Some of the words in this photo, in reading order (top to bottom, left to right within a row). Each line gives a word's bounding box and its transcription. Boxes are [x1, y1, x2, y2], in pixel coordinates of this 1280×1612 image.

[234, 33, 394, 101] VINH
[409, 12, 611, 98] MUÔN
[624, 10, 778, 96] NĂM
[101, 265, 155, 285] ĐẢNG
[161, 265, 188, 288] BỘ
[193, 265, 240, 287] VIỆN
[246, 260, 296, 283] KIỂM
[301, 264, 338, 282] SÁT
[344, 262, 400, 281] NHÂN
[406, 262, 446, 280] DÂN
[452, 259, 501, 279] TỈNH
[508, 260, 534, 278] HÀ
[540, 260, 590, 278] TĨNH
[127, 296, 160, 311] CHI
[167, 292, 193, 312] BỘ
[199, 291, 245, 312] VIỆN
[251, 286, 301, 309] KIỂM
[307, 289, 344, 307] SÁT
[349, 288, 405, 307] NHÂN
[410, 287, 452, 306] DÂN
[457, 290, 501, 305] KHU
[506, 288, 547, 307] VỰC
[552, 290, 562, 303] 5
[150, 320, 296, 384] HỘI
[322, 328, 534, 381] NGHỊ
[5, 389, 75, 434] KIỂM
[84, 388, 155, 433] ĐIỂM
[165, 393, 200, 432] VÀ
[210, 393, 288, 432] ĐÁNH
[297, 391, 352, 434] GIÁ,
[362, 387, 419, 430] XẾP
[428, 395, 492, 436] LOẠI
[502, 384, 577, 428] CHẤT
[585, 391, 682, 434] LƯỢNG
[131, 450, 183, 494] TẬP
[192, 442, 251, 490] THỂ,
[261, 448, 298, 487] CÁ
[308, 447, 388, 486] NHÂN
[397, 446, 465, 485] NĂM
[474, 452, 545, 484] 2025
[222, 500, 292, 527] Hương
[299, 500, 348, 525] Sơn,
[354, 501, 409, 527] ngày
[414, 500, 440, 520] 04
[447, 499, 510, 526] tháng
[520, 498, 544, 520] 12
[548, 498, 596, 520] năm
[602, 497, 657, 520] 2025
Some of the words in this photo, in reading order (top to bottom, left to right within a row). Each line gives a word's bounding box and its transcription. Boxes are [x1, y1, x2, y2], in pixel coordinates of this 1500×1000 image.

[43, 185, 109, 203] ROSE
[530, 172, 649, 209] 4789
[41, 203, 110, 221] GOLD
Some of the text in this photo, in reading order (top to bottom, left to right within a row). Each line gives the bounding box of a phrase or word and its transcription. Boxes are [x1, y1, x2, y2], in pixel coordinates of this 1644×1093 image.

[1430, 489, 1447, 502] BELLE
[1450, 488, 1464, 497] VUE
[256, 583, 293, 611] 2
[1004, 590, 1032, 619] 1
_ _ _
Work task =
Word for word, give back all the lines above.

Solution below =
Some of the words in this photo, in reading order (top to bottom, left to right within a row). Each line gives a word's bounding box and its transcription. Boxes are [x1, y1, x2, y2], in pixel coordinates of this 1280×1612 image.

[234, 33, 394, 101] VINH
[409, 12, 611, 98] MUÔN
[624, 10, 778, 96] NĂM
[101, 265, 155, 285] ĐẢNG
[161, 265, 188, 288] BỘ
[193, 265, 240, 287] VIỆN
[246, 260, 296, 283] KIỂM
[301, 264, 338, 282] SÁT
[344, 262, 400, 281] NHÂN
[406, 262, 446, 280] DÂN
[452, 259, 501, 279] TỈNH
[508, 260, 534, 278] HÀ
[540, 260, 590, 278] TĨNH
[127, 296, 160, 311] CHI
[167, 292, 193, 312] BỘ
[199, 291, 245, 312] VIỆN
[251, 286, 301, 309] KIỂM
[307, 289, 344, 307] SÁT
[349, 288, 405, 307] NHÂN
[410, 287, 452, 306] DÂN
[457, 290, 501, 305] KHU
[506, 288, 547, 307] VỰC
[552, 290, 562, 303] 5
[150, 320, 296, 384] HỘI
[322, 328, 534, 381] NGHỊ
[5, 389, 75, 434] KIỂM
[84, 388, 155, 433] ĐIỂM
[165, 393, 200, 432] VÀ
[210, 393, 288, 432] ĐÁNH
[297, 391, 352, 434] GIÁ,
[362, 387, 419, 430] XẾP
[428, 395, 492, 436] LOẠI
[502, 384, 577, 428] CHẤT
[585, 391, 682, 434] LƯỢNG
[131, 450, 183, 494] TẬP
[192, 442, 251, 490] THỂ,
[261, 448, 298, 487] CÁ
[308, 447, 388, 486] NHÂN
[397, 446, 465, 485] NĂM
[474, 452, 545, 484] 2025
[222, 500, 292, 527] Hương
[299, 500, 348, 525] Sơn,
[354, 501, 409, 527] ngày
[414, 500, 440, 520] 04
[447, 499, 510, 526] tháng
[520, 498, 544, 520] 12
[548, 498, 596, 520] năm
[602, 497, 657, 520] 2025
Some of the words in this photo, in reading order (top to bottom, left to right within a row). Each line gives a word's bounding box and its transcription. Boxes are [x1, y1, x2, y2], in pixel coordinates of this 1500×1000 image.

[43, 185, 109, 203] ROSE
[530, 172, 649, 209] 4789
[41, 203, 110, 221] GOLD
Some of the text in this photo, in reading order (top to bottom, left to right within a row). Each line gives the bounding box of a phrase or word and its transcription. Boxes are [x1, y1, x2, y2], in pixel coordinates of this 1644×1093 image.

[1430, 489, 1447, 502] BELLE
[1450, 488, 1464, 497] VUE
[256, 583, 293, 611] 2
[1004, 590, 1032, 619] 1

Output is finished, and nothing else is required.